PROMPT> Output the full listing below, keeping each line exact.

-=-=-

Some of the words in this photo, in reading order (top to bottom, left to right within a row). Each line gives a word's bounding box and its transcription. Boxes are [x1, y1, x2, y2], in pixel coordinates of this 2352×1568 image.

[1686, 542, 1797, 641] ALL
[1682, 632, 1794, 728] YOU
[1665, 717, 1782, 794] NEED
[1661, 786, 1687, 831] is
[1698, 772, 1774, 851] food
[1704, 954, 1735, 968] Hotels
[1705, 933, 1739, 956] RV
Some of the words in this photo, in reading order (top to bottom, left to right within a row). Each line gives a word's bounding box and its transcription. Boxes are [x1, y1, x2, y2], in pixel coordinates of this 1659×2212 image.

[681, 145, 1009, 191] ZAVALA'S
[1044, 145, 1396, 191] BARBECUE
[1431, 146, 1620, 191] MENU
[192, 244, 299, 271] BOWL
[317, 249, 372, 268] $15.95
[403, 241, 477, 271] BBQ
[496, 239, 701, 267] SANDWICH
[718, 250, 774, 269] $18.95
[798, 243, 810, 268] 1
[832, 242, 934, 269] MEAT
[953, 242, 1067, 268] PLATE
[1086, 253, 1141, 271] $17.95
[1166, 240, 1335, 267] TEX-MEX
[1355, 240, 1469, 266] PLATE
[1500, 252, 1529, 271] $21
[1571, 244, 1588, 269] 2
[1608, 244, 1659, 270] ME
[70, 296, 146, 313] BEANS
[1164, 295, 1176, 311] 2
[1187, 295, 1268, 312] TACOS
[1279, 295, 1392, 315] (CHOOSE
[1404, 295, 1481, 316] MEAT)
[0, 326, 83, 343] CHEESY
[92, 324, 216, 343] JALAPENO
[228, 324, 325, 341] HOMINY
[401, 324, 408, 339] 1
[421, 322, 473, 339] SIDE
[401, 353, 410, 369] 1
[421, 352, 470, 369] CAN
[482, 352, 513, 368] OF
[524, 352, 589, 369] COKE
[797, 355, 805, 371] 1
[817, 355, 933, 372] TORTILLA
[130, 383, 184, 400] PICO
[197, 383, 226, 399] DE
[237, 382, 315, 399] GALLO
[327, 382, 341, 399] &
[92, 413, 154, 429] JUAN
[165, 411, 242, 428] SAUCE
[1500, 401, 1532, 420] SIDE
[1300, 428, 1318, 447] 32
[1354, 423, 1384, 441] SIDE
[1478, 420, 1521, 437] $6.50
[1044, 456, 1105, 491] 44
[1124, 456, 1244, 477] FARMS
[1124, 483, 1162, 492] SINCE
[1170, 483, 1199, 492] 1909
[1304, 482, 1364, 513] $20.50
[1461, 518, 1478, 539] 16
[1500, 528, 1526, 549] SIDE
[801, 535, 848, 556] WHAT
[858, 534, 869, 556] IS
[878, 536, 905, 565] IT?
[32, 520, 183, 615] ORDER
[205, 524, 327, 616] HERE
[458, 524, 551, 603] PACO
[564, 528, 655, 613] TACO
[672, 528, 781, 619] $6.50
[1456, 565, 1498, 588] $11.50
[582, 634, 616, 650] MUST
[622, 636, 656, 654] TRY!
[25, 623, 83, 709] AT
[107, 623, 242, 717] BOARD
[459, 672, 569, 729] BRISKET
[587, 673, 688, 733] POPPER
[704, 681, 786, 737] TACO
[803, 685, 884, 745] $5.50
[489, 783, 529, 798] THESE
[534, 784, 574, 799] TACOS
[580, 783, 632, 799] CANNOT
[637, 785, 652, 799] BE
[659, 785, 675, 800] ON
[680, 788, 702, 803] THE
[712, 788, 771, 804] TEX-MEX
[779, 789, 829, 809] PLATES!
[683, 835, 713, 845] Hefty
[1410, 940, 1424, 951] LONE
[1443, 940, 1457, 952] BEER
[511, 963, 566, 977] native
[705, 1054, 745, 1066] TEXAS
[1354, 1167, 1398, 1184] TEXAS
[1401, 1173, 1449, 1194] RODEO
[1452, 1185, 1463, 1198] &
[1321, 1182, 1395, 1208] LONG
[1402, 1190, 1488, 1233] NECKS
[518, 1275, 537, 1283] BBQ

-=-=-

WRITTEN SOLUTION>
Some of the words in this photo, in reading order (top to bottom, left to right within a row). Each line gives a word's bounding box and its transcription. Boxes are [x1, y1, x2, y2], in pixel coordinates of this 2352×1568 image.

[1686, 542, 1797, 641] ALL
[1682, 632, 1794, 728] YOU
[1665, 717, 1782, 794] NEED
[1661, 786, 1687, 831] is
[1698, 772, 1774, 851] food
[1704, 954, 1735, 968] Hotels
[1705, 933, 1739, 956] RV
Some of the words in this photo, in reading order (top to bottom, left to right within a row). Each line gives a word's bounding box and its transcription. Boxes are [x1, y1, x2, y2], in pixel coordinates of this 1659×2212 image.

[681, 145, 1009, 191] ZAVALA'S
[1044, 145, 1396, 191] BARBECUE
[1431, 146, 1620, 191] MENU
[192, 244, 299, 271] BOWL
[317, 249, 372, 268] $15.95
[403, 241, 477, 271] BBQ
[496, 239, 701, 267] SANDWICH
[718, 250, 774, 269] $18.95
[798, 243, 810, 268] 1
[832, 242, 934, 269] MEAT
[953, 242, 1067, 268] PLATE
[1086, 253, 1141, 271] $17.95
[1166, 240, 1335, 267] TEX-MEX
[1355, 240, 1469, 266] PLATE
[1500, 252, 1529, 271] $21
[1571, 244, 1588, 269] 2
[1608, 244, 1659, 270] ME
[70, 296, 146, 313] BEANS
[1164, 295, 1176, 311] 2
[1187, 295, 1268, 312] TACOS
[1279, 295, 1392, 315] (CHOOSE
[1404, 295, 1481, 316] MEAT)
[0, 326, 83, 343] CHEESY
[92, 324, 216, 343] JALAPENO
[228, 324, 325, 341] HOMINY
[401, 324, 408, 339] 1
[421, 322, 473, 339] SIDE
[401, 353, 410, 369] 1
[421, 352, 470, 369] CAN
[482, 352, 513, 368] OF
[524, 352, 589, 369] COKE
[797, 355, 805, 371] 1
[817, 355, 933, 372] TORTILLA
[130, 383, 184, 400] PICO
[197, 383, 226, 399] DE
[237, 382, 315, 399] GALLO
[327, 382, 341, 399] &
[92, 413, 154, 429] JUAN
[165, 411, 242, 428] SAUCE
[1500, 401, 1532, 420] SIDE
[1300, 428, 1318, 447] 32
[1354, 423, 1384, 441] SIDE
[1478, 420, 1521, 437] $6.50
[1044, 456, 1105, 491] 44
[1124, 456, 1244, 477] FARMS
[1124, 483, 1162, 492] SINCE
[1170, 483, 1199, 492] 1909
[1304, 482, 1364, 513] $20.50
[1461, 518, 1478, 539] 16
[1500, 528, 1526, 549] SIDE
[801, 535, 848, 556] WHAT
[858, 534, 869, 556] IS
[878, 536, 905, 565] IT?
[32, 520, 183, 615] ORDER
[205, 524, 327, 616] HERE
[458, 524, 551, 603] PACO
[564, 528, 655, 613] TACO
[672, 528, 781, 619] $6.50
[1456, 565, 1498, 588] $11.50
[582, 634, 616, 650] MUST
[622, 636, 656, 654] TRY!
[25, 623, 83, 709] AT
[107, 623, 242, 717] BOARD
[459, 672, 569, 729] BRISKET
[587, 673, 688, 733] POPPER
[704, 681, 786, 737] TACO
[803, 685, 884, 745] $5.50
[489, 783, 529, 798] THESE
[534, 784, 574, 799] TACOS
[580, 783, 632, 799] CANNOT
[637, 785, 652, 799] BE
[659, 785, 675, 800] ON
[680, 788, 702, 803] THE
[712, 788, 771, 804] TEX-MEX
[779, 789, 829, 809] PLATES!
[683, 835, 713, 845] Hefty
[1410, 940, 1424, 951] LONE
[1443, 940, 1457, 952] BEER
[511, 963, 566, 977] native
[705, 1054, 745, 1066] TEXAS
[1354, 1167, 1398, 1184] TEXAS
[1401, 1173, 1449, 1194] RODEO
[1452, 1185, 1463, 1198] &
[1321, 1182, 1395, 1208] LONG
[1402, 1190, 1488, 1233] NECKS
[518, 1275, 537, 1283] BBQ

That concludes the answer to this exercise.